Friday, August 3, 2007

bush's view on the roles of the Constitution and himself

In a November 2005 meeting in the oval office while discussing the "patriot act" with congressional republicans this exchange occurred:

  • bush: "I don't give a goddam, I'm the president and the commander-in-chief. Do it my way."
  • Other: "Mr. President, there is a valid case that the provisions in this law undermine the Constitution."
  • bush: "Stop throwing the Constitution in my face, it's just a goddammed piece of paper!"

This is the sort of passage that is quoted in textbooks to define historical personages and events. It really is indicative of treasonous hypocrisy. The oath of the president and all federal government personnel is to defend the Constitution. Is there any outrage outrageous enough for impeachment? and after that condition is achieved, will the question still be moot?

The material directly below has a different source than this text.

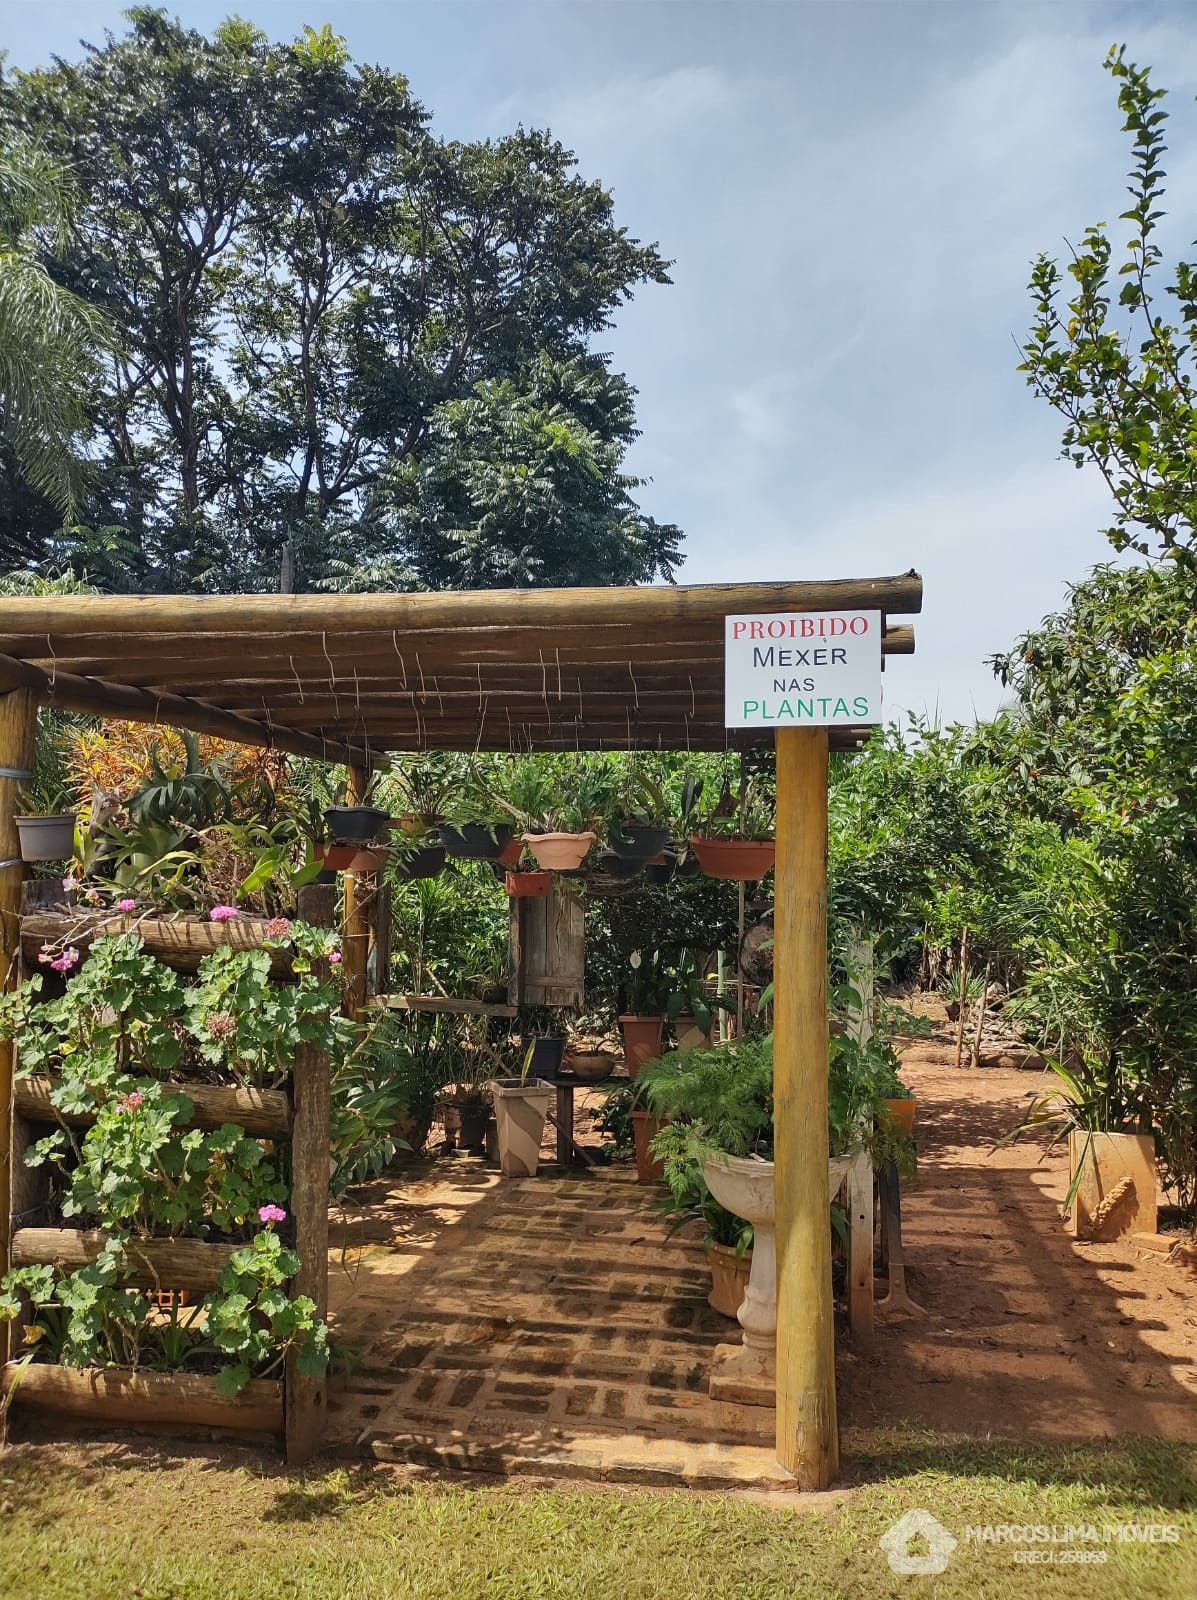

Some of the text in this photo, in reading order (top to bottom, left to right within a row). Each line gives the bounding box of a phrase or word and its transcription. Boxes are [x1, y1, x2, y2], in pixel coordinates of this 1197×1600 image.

[732, 616, 869, 640] PROIBIDO
[753, 646, 848, 668] MEXER
[773, 677, 815, 693] NAS
[743, 696, 869, 720] PLANTAS

On one of the terribly flawed political chat shows, a discussion about bush's tenure occurred where the thesis was to compare his position vis-a-vis with Truman's --- utter nonsense floated by busheviks for media consumption. An honest discussion would have him falling behind Harding and the worst moments of Grant, Buchanan, McKinley and Nixon. Truman who knew exactly what republicans were would have been furious at the insult.

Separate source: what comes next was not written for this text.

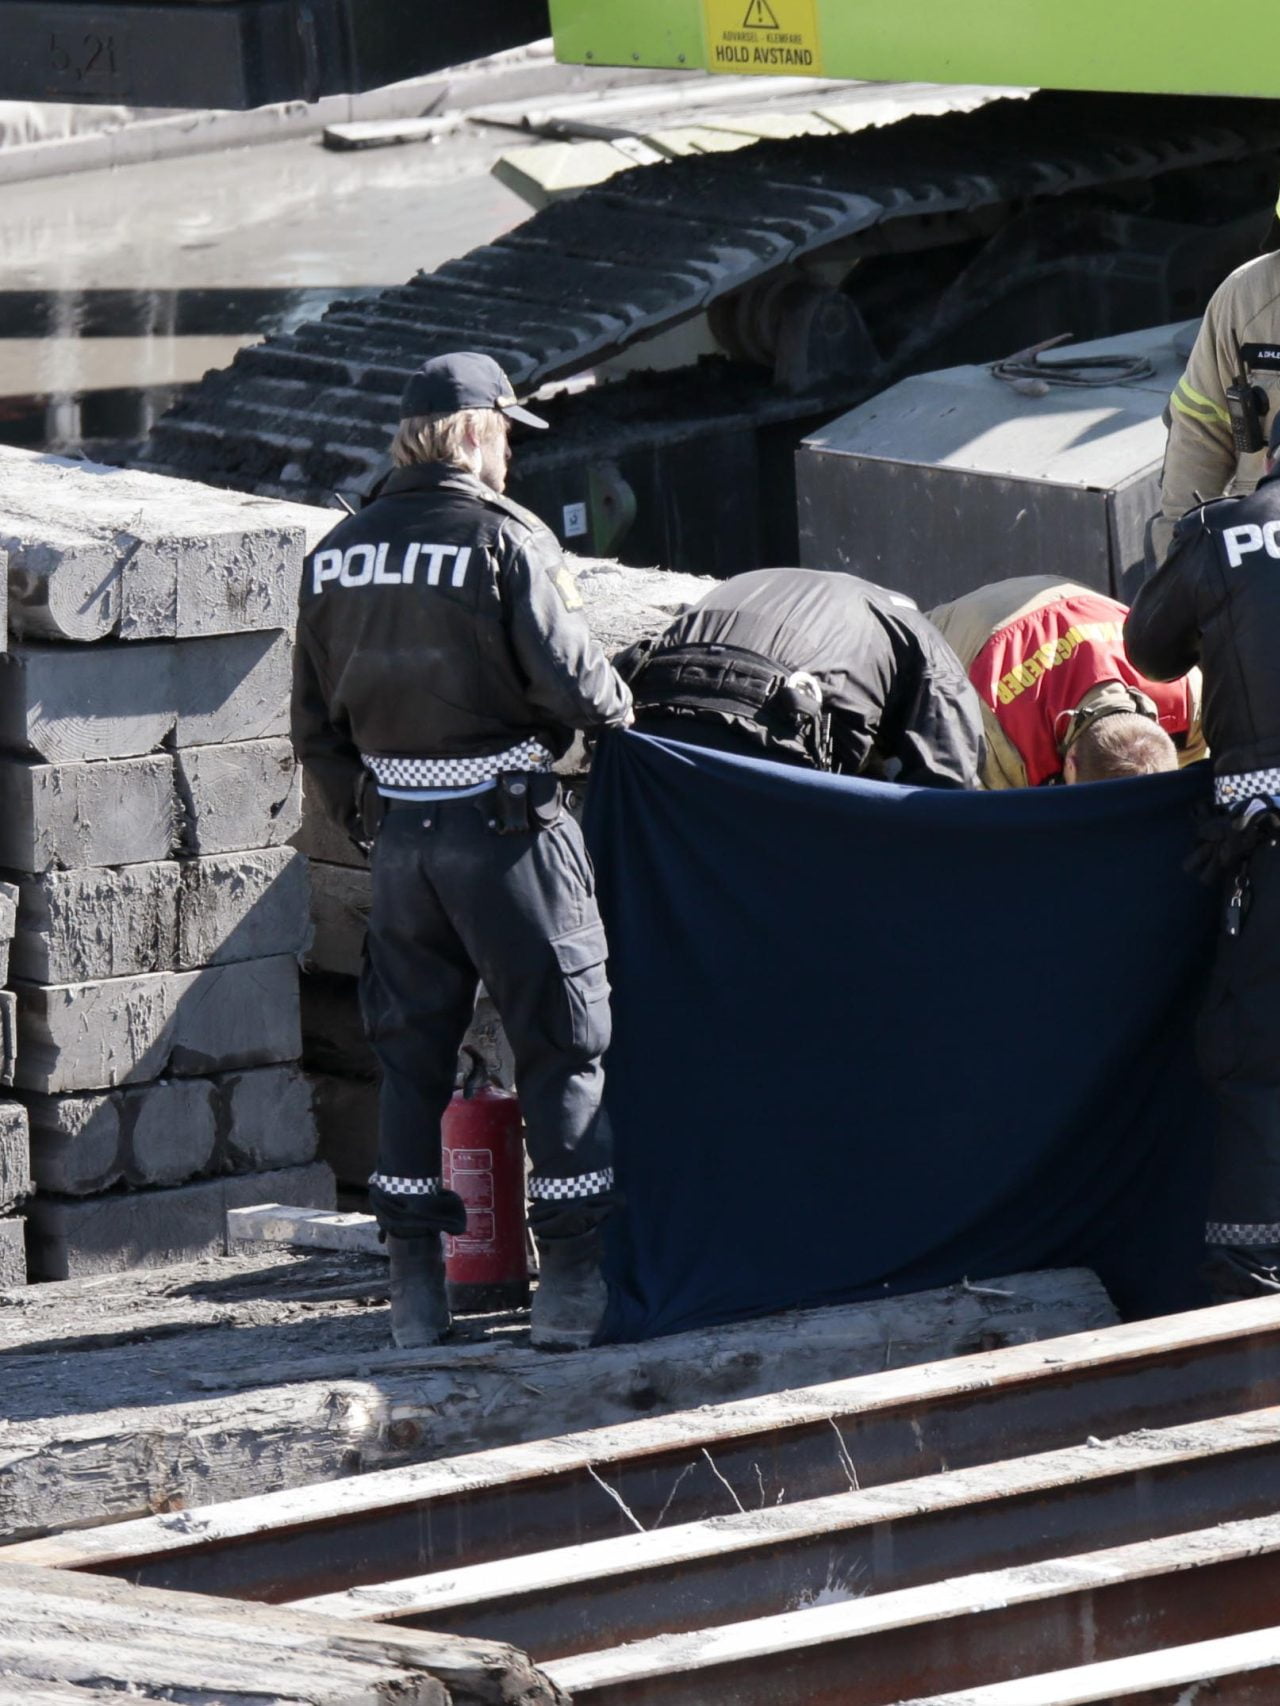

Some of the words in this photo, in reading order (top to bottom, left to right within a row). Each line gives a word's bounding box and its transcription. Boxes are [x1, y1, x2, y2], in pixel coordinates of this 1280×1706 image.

[715, 45, 749, 62] HOLD
[753, 47, 813, 66] AVSTAND
[313, 542, 472, 595] POLITI

The man likes to self define himself as a war president; one does not get that distinction by being the creator of a war. In colonial America the colonists were dragged into England's wars and they referred to them as King William's War or Queen Anne's War. This Iraqui war IS bush junior's War. Instead of leadership and judgment we get the chauvinistic, bellicose, braying from a short-tempered, small-minded man, who when he had a chance to go to war transferred to the Alabama national guard and promptly deserted to drink in saloons and chase skirts.

Having poor facility with language one can see when he has been taught a new word or phrase by his ostentatious, yet, clumsy repetition. One remarkable one happened, in a rare rose garden "news conference", on 26 October 2003, when the word of the day was, "causus belli". It truly was embarrassing. This man has a Yale history degree?